[Extracted data]

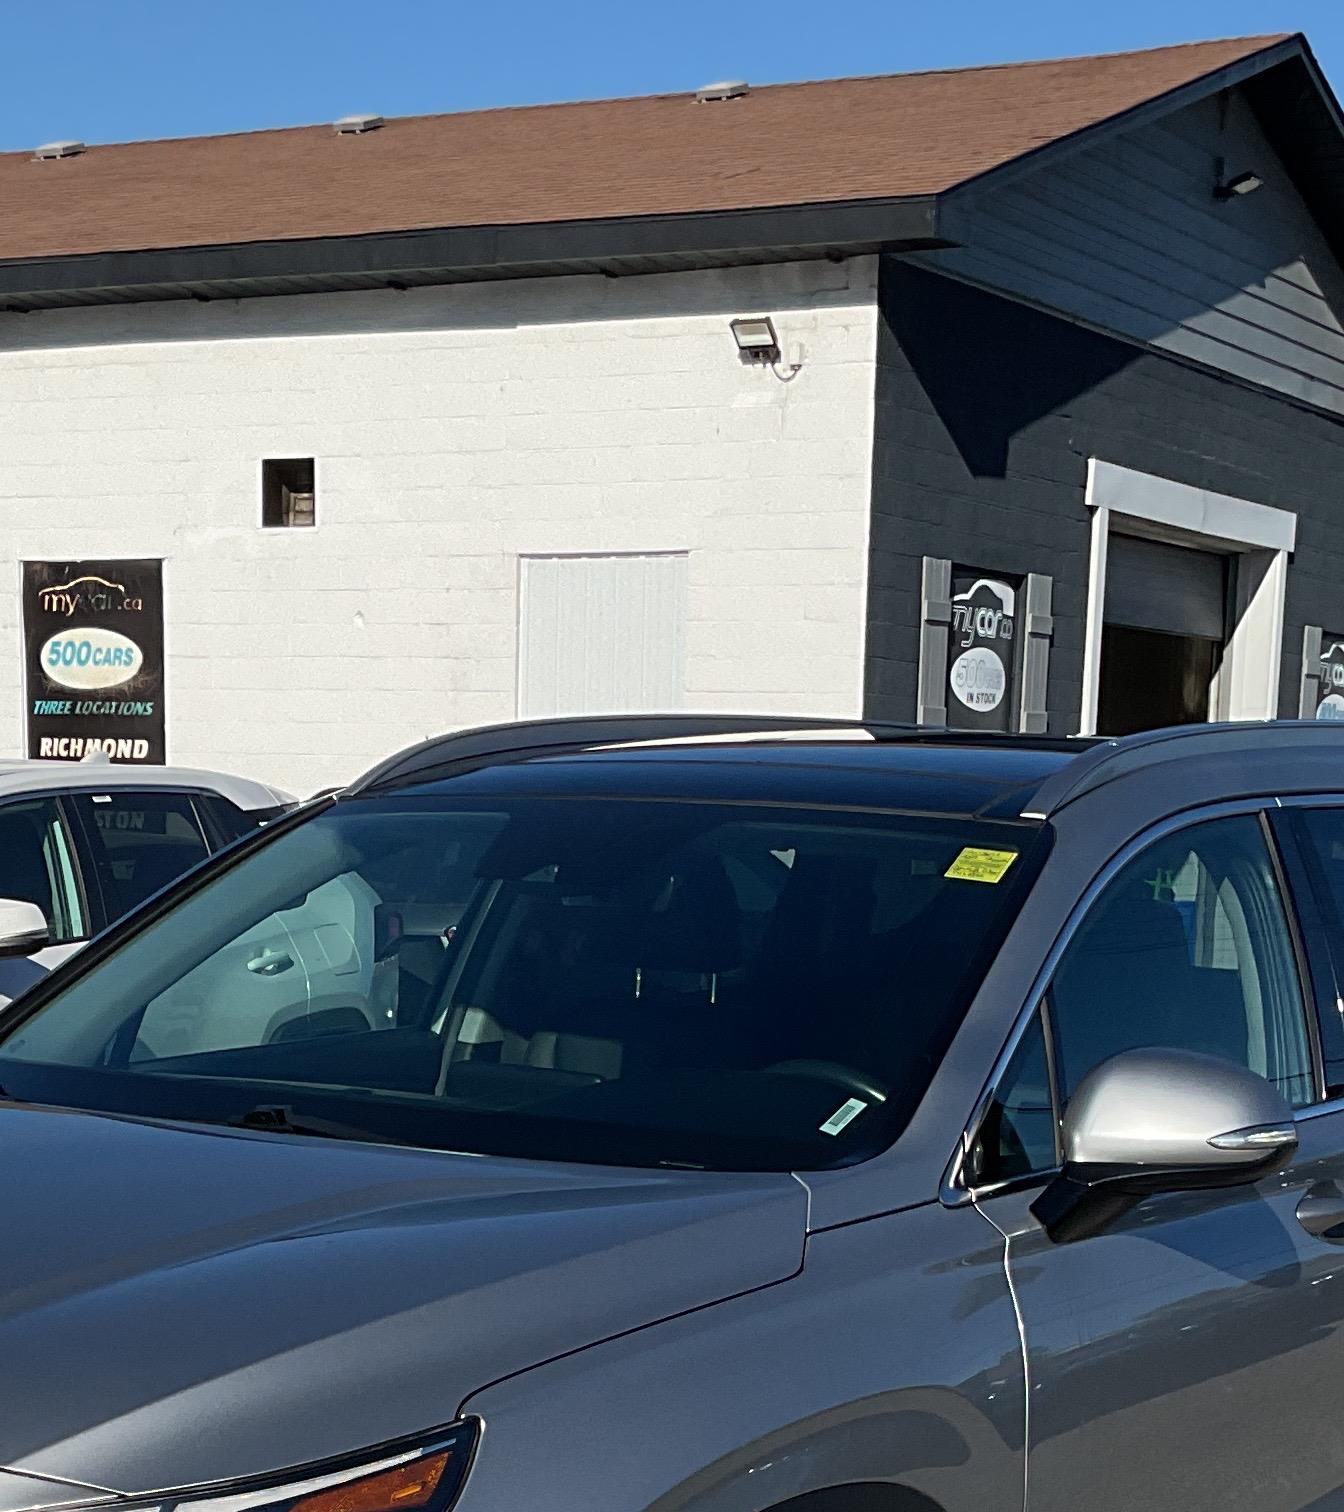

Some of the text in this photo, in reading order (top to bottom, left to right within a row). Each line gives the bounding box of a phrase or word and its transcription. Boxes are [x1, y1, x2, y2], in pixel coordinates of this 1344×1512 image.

[47, 640, 134, 667] 500 CARS
[33, 700, 154, 716] THREE LOCATIONS
[40, 737, 149, 759] RICHMOND
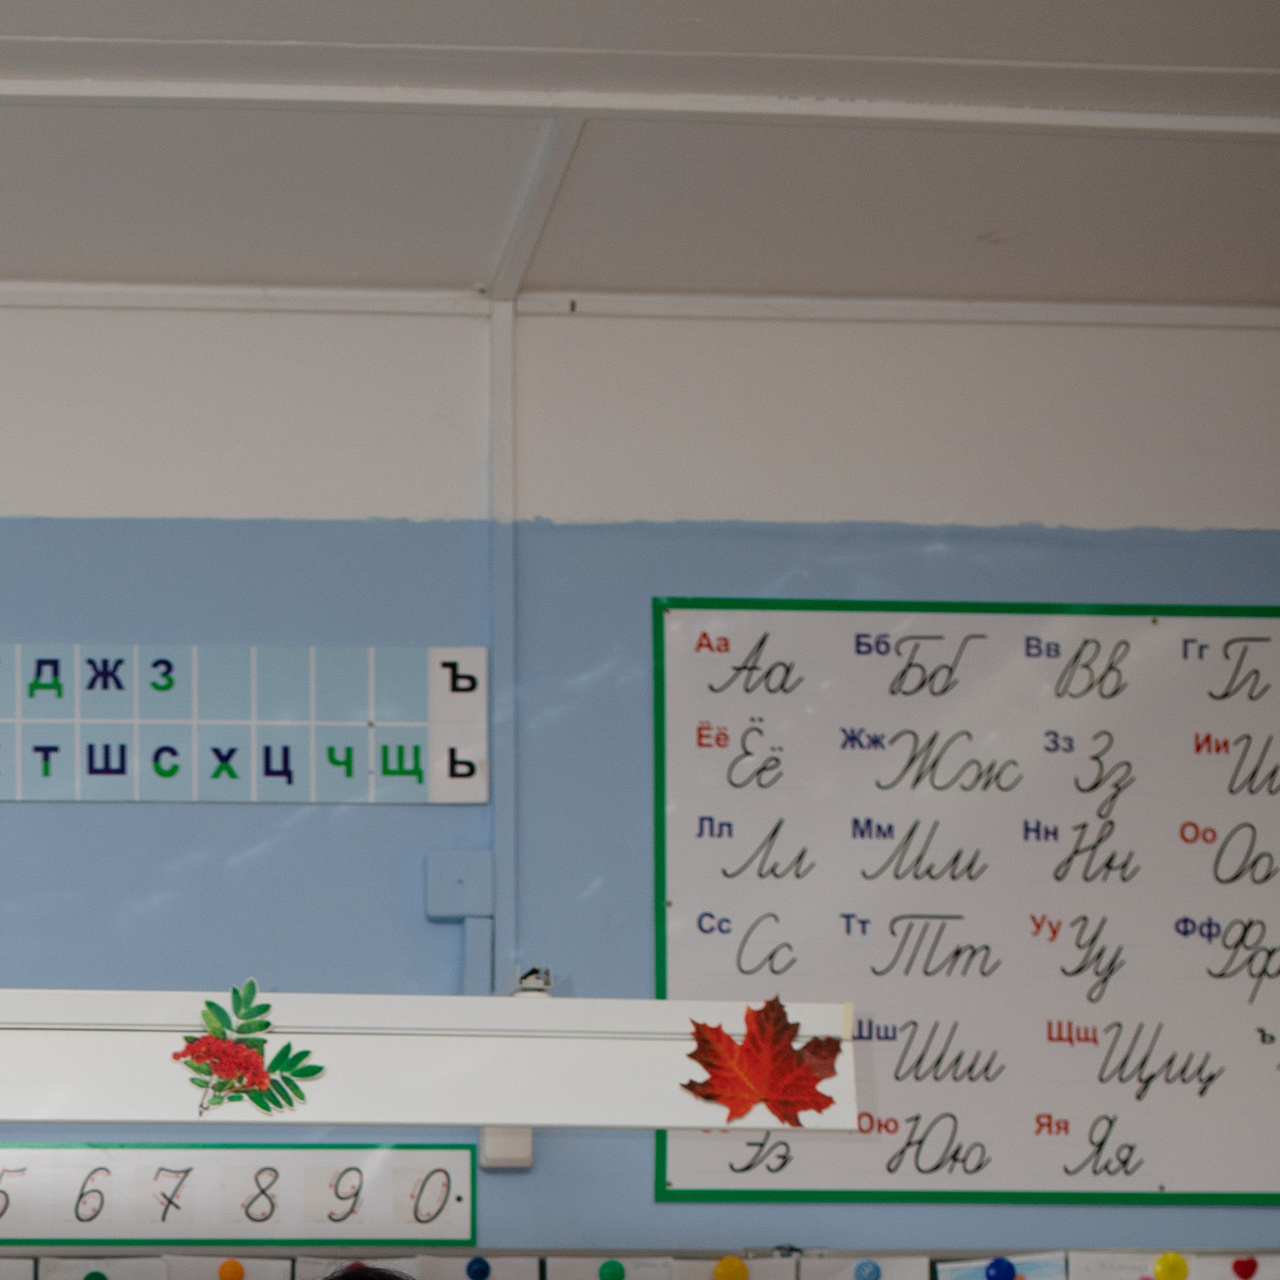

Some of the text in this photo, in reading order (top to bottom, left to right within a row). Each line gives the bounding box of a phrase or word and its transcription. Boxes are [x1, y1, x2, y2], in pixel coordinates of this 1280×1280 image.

[29, 659, 62, 698] д
[87, 659, 123, 689] ж
[151, 659, 174, 691] з
[442, 662, 476, 692] ъ
[695, 632, 1272, 701] Аа Аа Бб Бб Вв Вв Гг Гг
[34, 746, 58, 776] т
[88, 744, 126, 774] ш
[154, 746, 179, 777] с
[211, 748, 237, 778] х
[264, 746, 293, 784] ц
[328, 746, 353, 777] ч
[382, 745, 423, 784] щ
[450, 748, 475, 777] ь
[696, 717, 1230, 819] Ёё Ёё Жж Жж Зз Зз Ии
[696, 816, 733, 839] Лл
[722, 818, 816, 880] Лл
[851, 818, 894, 841] Мм
[861, 818, 989, 881] Мм
[1023, 820, 1058, 843] Нн
[1053, 820, 1140, 884] Нн
[1180, 821, 1217, 844] Оо
[697, 911, 1222, 1003] Сс Сс Тт Тт Уу Уу Фф
[894, 1019, 1005, 1083] Шш
[1046, 1019, 1099, 1046] Щщ
[1098, 1021, 1225, 1101] Щщ
[887, 1112, 1144, 1178] Юю Яя Яя
[73, 1167, 112, 1223] 6
[154, 1167, 193, 1223] 7
[243, 1167, 279, 1223] 8
[326, 1167, 364, 1223] 9
[412, 1167, 453, 1223] 0

[/Extracted data]

== Task item ==
A verbatim copy of the data, free of pictures, is the expected answer.

== Solution ==
Some of the text in this photo, in reading order (top to bottom, left to right within a row). Each line gives the bounding box of a phrase or word and its transcription. Boxes are [x1, y1, x2, y2], in pixel coordinates of this 1344×1512 image.

[47, 640, 134, 667] 500 CARS
[33, 700, 154, 716] THREE LOCATIONS
[40, 737, 149, 759] RICHMOND

Some of the text in this photo, in reading order (top to bottom, left to right within a row). Each line gives the bounding box of a phrase or word and its transcription. Boxes are [x1, y1, x2, y2], in pixel coordinates of this 1280×1280 image.

[29, 659, 62, 698] д
[87, 659, 123, 689] ж
[151, 659, 174, 691] з
[442, 662, 476, 692] ъ
[695, 632, 1272, 701] Аа Аа Бб Бб Вв Вв Гг Гг
[34, 746, 58, 776] т
[88, 744, 126, 774] ш
[154, 746, 179, 777] с
[211, 748, 237, 778] х
[264, 746, 293, 784] ц
[328, 746, 353, 777] ч
[382, 745, 423, 784] щ
[450, 748, 475, 777] ь
[696, 717, 1230, 819] Ёё Ёё Жж Жж Зз Зз Ии
[696, 816, 733, 839] Лл
[722, 818, 816, 880] Лл
[851, 818, 894, 841] Мм
[861, 818, 989, 881] Мм
[1023, 820, 1058, 843] Нн
[1053, 820, 1140, 884] Нн
[1180, 821, 1217, 844] Оо
[697, 911, 1222, 1003] Сс Сс Тт Тт Уу Уу Фф
[894, 1019, 1005, 1083] Шш
[1046, 1019, 1099, 1046] Щщ
[1098, 1021, 1225, 1101] Щщ
[887, 1112, 1144, 1178] Юю Яя Яя
[73, 1167, 112, 1223] 6
[154, 1167, 193, 1223] 7
[243, 1167, 279, 1223] 8
[326, 1167, 364, 1223] 9
[412, 1167, 453, 1223] 0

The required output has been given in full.